# Volvo Dump Truck



## mrsops (Dec 28, 2009)

What do you guys think of volvo dump trucks? Ive been hearing good things about them. I actually been looking a few differnt ones and found one down in florida for a killer price.

2007 left over with no miles on it. It has a d12 365hp allison automatic.


----------



## 2005_Sierra (Aug 7, 2009)

that is a very nice looking truck, is the truck air ride? and what allison trans is it? and is it a pre-DPF truck? 

If nothing else it is the right color combo


----------



## mrsops (Dec 28, 2009)

2005_Sierra;1041172 said:


> that is a very nice looking truck, is the truck air ride? and what allison trans is it? and is it a pre-DPF truck?
> 
> If nothing else it is the right color


Air ride yes. 4500 allison rds. yes pre truck.


----------



## santaclause (Jan 11, 2008)

I drive a volvo for the company I work for granted it is a tractor but massive electrical issues with volvos and the volvo motors from what I heard dont hold up in the long run not like a cummins or cat...


----------



## Sabsan84 (Jan 22, 2009)

From the experience me and my father have had with that generation of volvo trucks they are good, but the egr system stinks and is very expensive to fix, about 6K at McDevitt trucks, and the gauges never worked right from the factory, but other than that the truck was trouble free and very good to us, cant complain, better than the others we had with the cat or cummins, however, I have to say, the Cat C12, C15 are easier to work on, such as changing the fluids and filters, as they have much fewer filters. Good luck, its crazy to consider buying a new dump in this trucking market! Esp if u are going to lease it out to make 60 or 65 an hr to a construction co, when u run the numbers, what u actually keep you are better off working at walmart, no joke!


----------



## LoneCowboy (Jan 2, 2007)

how do the weight laws work in YOUR state.
that's #1 on the list.

For example, in Colorado lift axles do not help, so that particular truck would have an extra weight penalty (or you just remove it)

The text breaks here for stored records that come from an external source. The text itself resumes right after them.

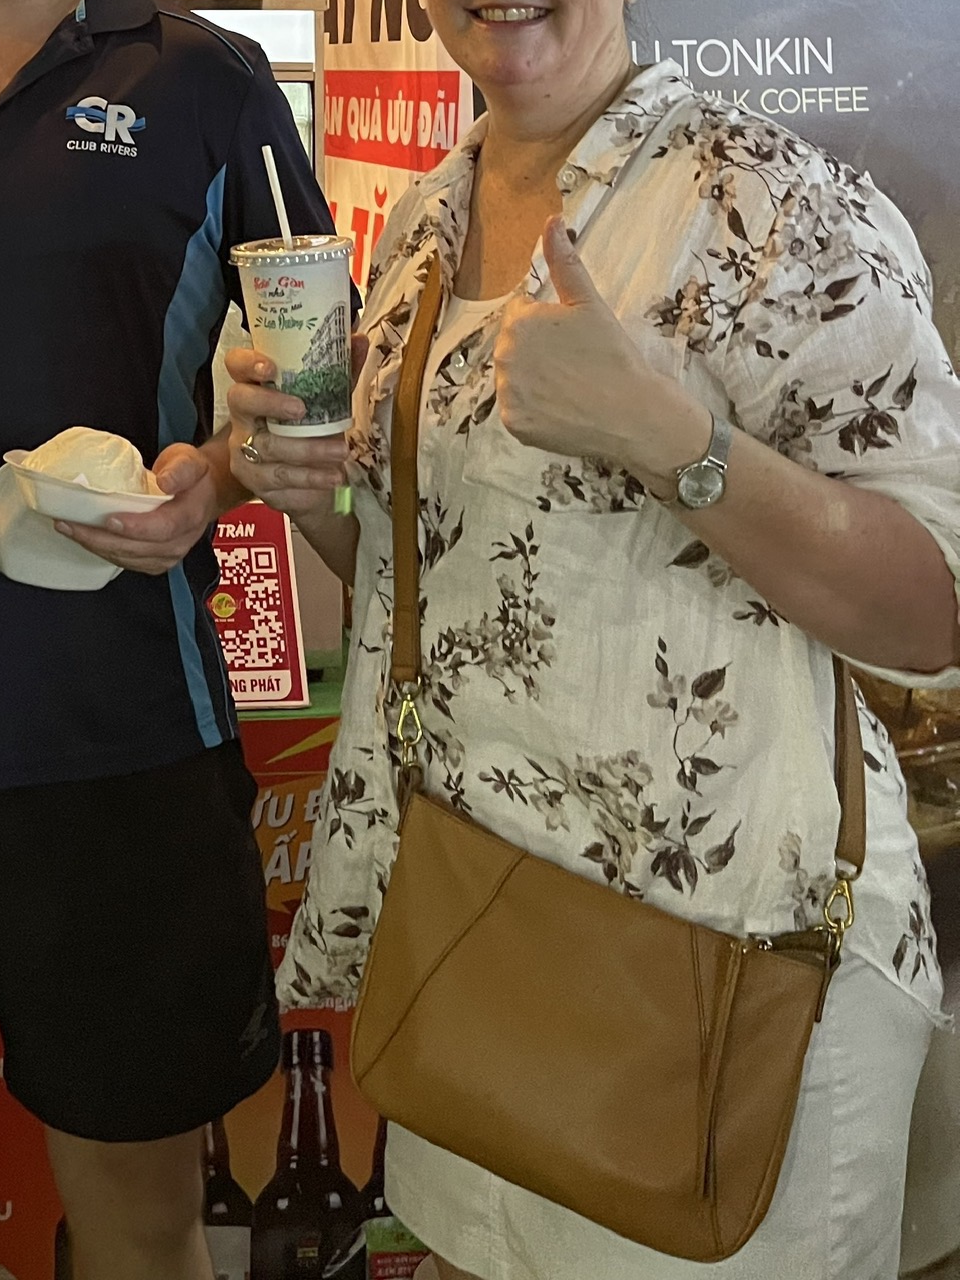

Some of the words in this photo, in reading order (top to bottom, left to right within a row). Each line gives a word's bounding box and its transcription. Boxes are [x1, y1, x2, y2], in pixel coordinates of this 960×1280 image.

[672, 37, 834, 77] TONKIN
[760, 86, 870, 115] COFFEE
[347, 84, 383, 144] QUÀ
[417, 89, 456, 150] ĐÃI
[66, 140, 97, 152] CLUB
[100, 142, 138, 158] RIVERS
[217, 521, 256, 538] TRÀN
[250, 676, 281, 693] PHÁT

But you need to know the laws in YOUR state.

Seems a little underpowered.
My mack (below) is a 350hp and well, it's a dog. Part of it is altitude and part of it, it's a dog.
What is it geared?
Where do you expect to run it? Freeway or in town? off road a lot or a little, what suspension? etc, etc, etc
Is the automatic helpful to you or not?

what do you expect to do with it?
How is your Volvo dealer? 

we need more details.
dump trucks aren't a simple purchase.

what's the warranty?


----------



## Wicked500R (Sep 6, 2007)

Also consider getting the truck from Florida to NY in the vehicle cost. Is it still going to be a killer deal after you tack on those extra fees? You may be able to find another deal much closer for little more and not have the hassle of dealing 1200 miles away. I have heard good things about Volvo but when it comes to a tandem.. You just don't run out an purchase..
Like what was said before.. What will it be used for is key to providing more info. Your in NY where it gets mighty cold in the winter, you might want a heated body to keep loads from sticking or running asphalt in the summer, etc. Personally myself.. I would NEVER purchase a tandem dump with an automatic transmission and I would want at least 15 speeds regardless..


----------



## mrsops (Dec 28, 2009)

Wicked500R;1042181 said:


> Also consider getting the truck from Florida to NY in the vehicle cost. Is it still going to be a killer deal after you tack on those extra fees? You may be able to find another deal much closer for little more and not have the hassle of dealing 1200 miles away. I have heard good things about Volvo but when it comes to a tandem.. You just don't run out an purchase..
> Like what was said before.. What will it be used for is key to providing more info. Your in NY where it gets mighty cold in the winter, you might want a heated body to keep loads from sticking or running asphalt in the summer, etc. Personally myself.. I would NEVER purchase a tandem dump with an automatic transmission and I would want at least 15 speeds regardless..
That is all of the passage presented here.